The Amtrak IG recommended that Amtrak use its Enterprise Program Management Office standards and other commonly accepted project management standards such as project charters, an integrated master schedule, well-supported cost estimates and risk mitigation plans.

Amtrak agreed with the recommendations and outlined a schedule to address them. Amtrak’s timeline for the implementation ranges from August 2018 to January 2019 depending on the task.

Amtrak OIG Identifies 8 Challenges Facing Carrier

April 5, 2017

A report released last week by the Amtrak Office of Inspector General has identified eight challenges facing Amtrak management as it seeks to address the passenger rail carrier’s top performance issues.

The OIG has singled out these areas in past reports, including governance, financial excellence, asset management, acquisition and procurement, safety and security, human resource issues, customer service and information technology.

The report said Amtrak has made progress in such matters as replacing aging Acela equipment on the Northeast Corridor.

“Continued management focus is needed to ensure sustained progress,” OIG officials said in the report’s introduction.
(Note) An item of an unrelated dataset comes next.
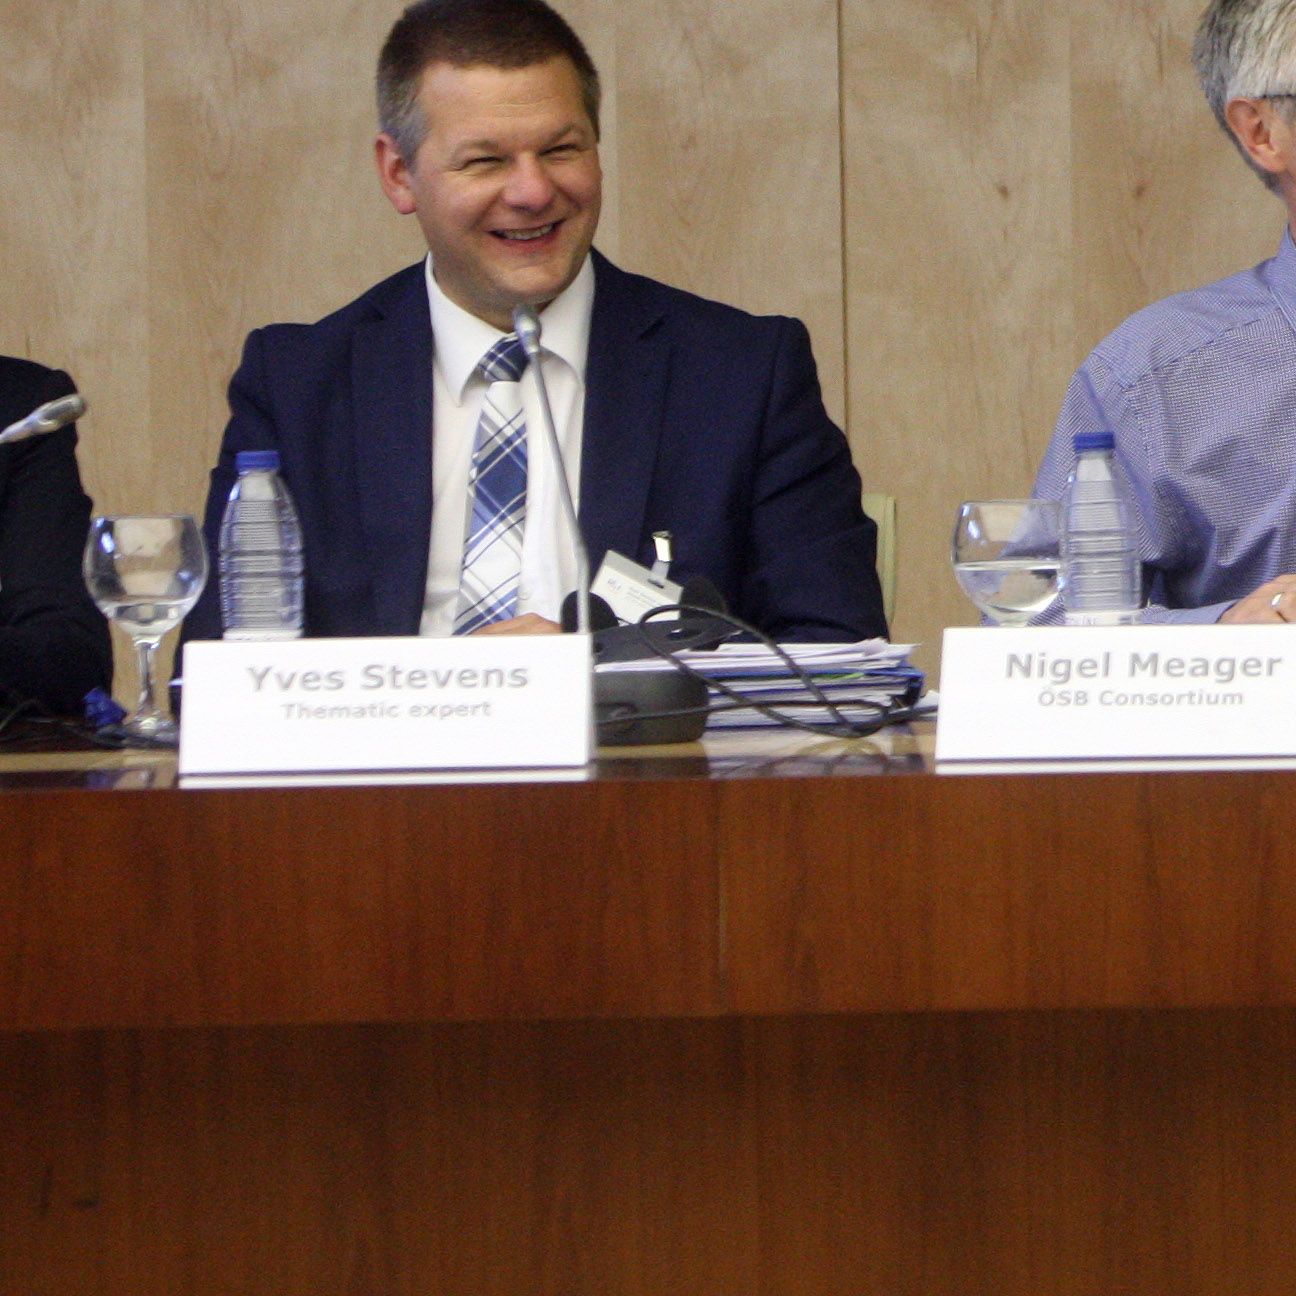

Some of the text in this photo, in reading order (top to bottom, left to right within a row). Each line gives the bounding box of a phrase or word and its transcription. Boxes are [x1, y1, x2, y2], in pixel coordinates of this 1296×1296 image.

[247, 663, 529, 692] Yves Stevens
[1005, 651, 1283, 686] Nigel Meager
[1099, 688, 1244, 706] Consortium
[281, 701, 492, 720] Thematic expert
Three long-standing and systemic issues that have kept Amtrak from making further progress are:
• Inconsistent use of the company’s strategic goals to drive budget and operating decisions.
• A governance structure that does not hold managers accountable for achieving program results.
• A workforce culture at odds with the company’s goals and mission.

“Until these underlying factors are addressed, the company’s efforts to remediate the top management and performance challenges will continue to face obstacles,” the report stated.
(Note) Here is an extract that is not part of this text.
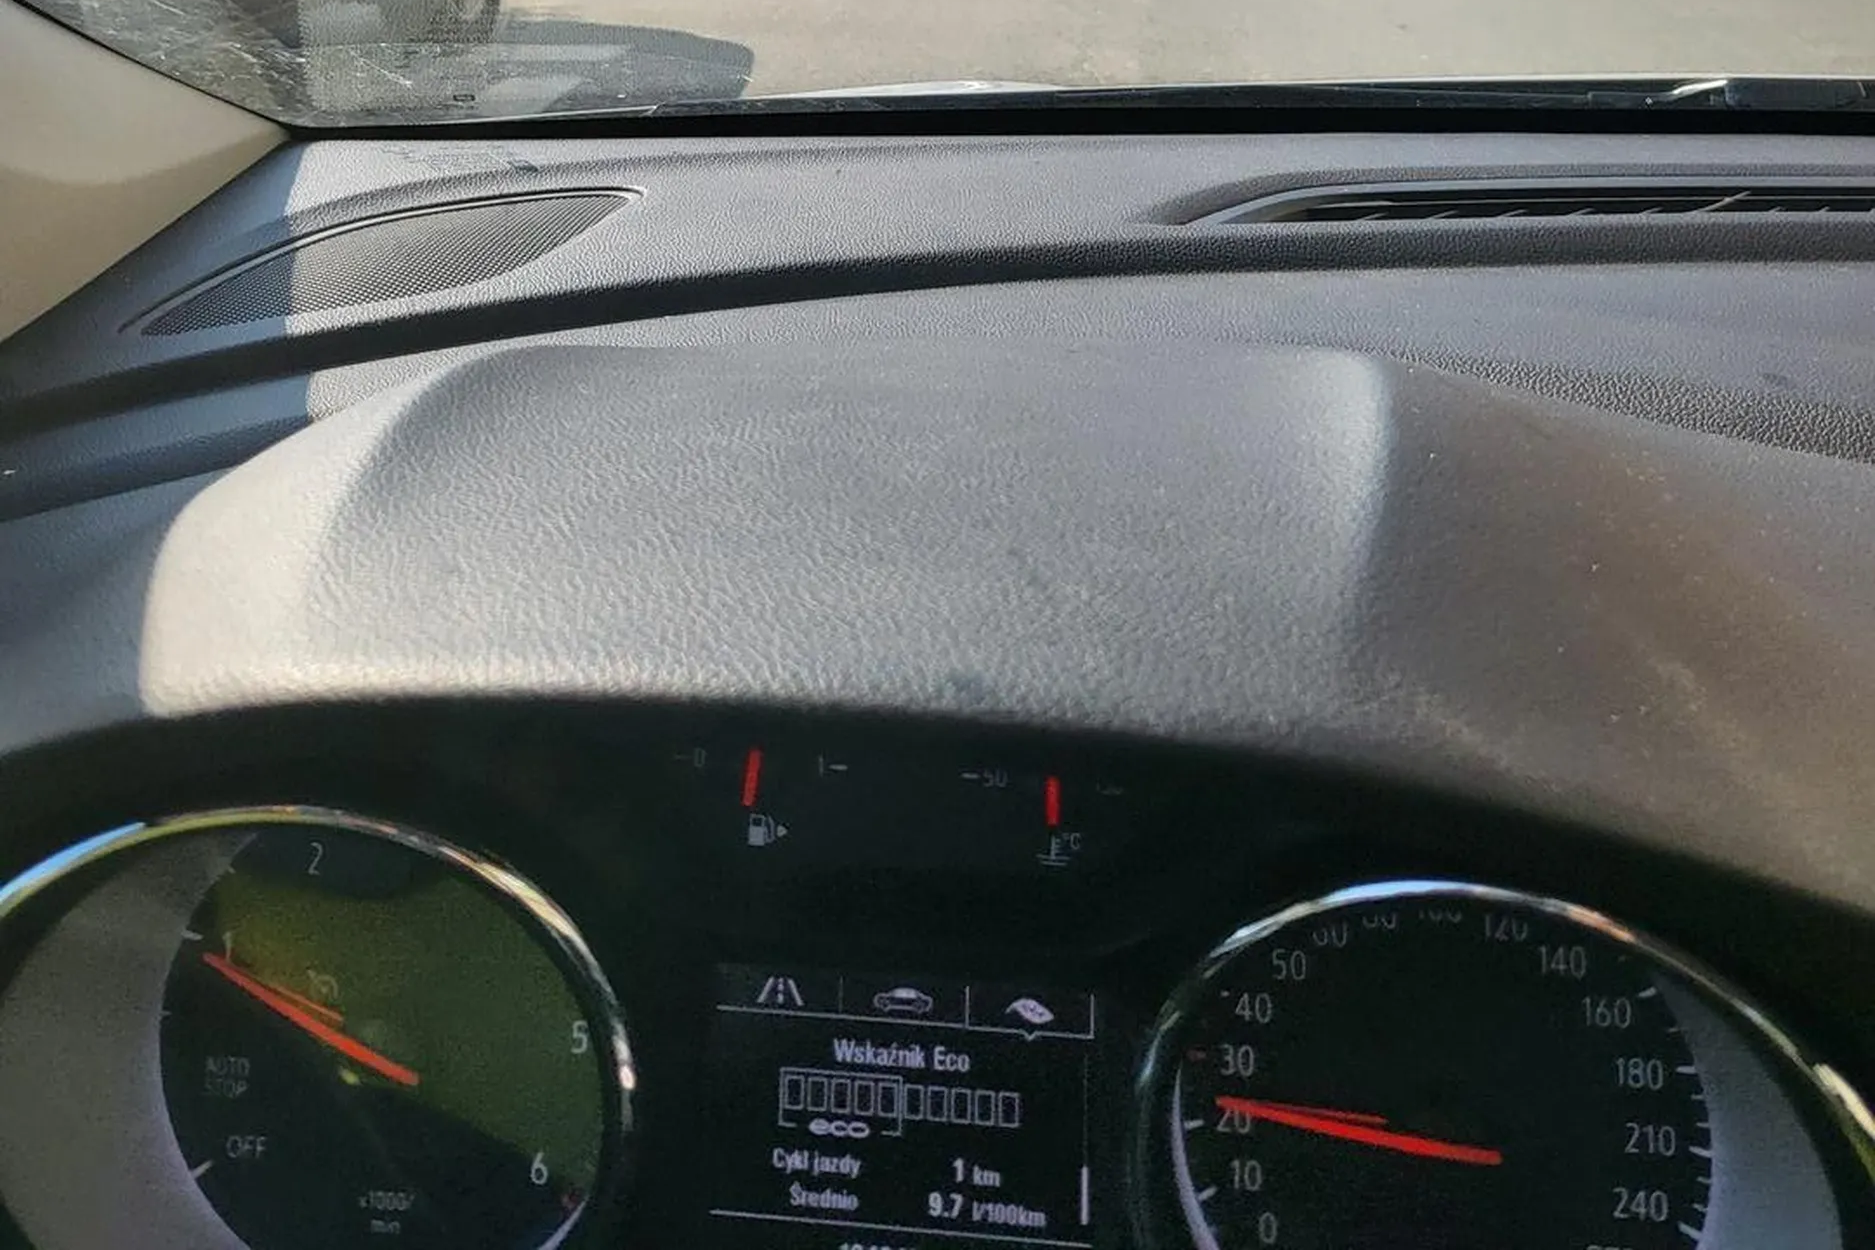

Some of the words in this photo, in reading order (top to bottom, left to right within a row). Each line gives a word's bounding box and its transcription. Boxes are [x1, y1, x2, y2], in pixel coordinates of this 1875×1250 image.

Under current Amtrak President Charles “Wick” Moorman, Amtrak has been implementing organizational changes and attempting to improve oversight and management of core functions.

“Whether these changes and initiatives achieve their intended results will depend on the company’s leadership and top management sustaining its focus on them, providing the necessary resources for implementation and reinforcing that every employee is responsible for embracing and promoting the company’s values of safety, service and financial excellence,” the report said.

Amtrak OIG Urges Budgeting for PTC

October 21, 2016

Amtrak’s Office of Inspector General is urging the passenger carrier to budget for the installation of positive train control.

Amtrak logoIn a report, the OIG, said that although Amtrak has has made strides in implementing automated braking technology, it still has several tasks to complete before it reaches full implementation before the end of a federally-mandated deadline of 2018

The report said Amtrak still needs to complete 33 percent of its planned trackside installations, submit a safety plan to the Federal Railroad Administration, resolve potential radio frequency spectrum issues and install onboard systems in its locomotives.

The OIG report said Amtrak has not properly accounted for the full cost of PTC technology. Those costs may be “millions more than is currently budgeted.”

Amtrak had spent about $183 million on PTC implementation through June 30 and plans to spend about another $35 million through 2018.

But those estimates are “incomplete” and don’t include other potential contingency costs, the OIG report concluded.

The OIG encouraged Amtrak to update its costs estimates in order to ensure that sufficient funds are available for the project and to enhance project schedules to better track the completion of key events and remaining tasks and clarify the roles of managers who are responsible for PTC implementation.

The report said that Amtrak management agreed with all three recommendations.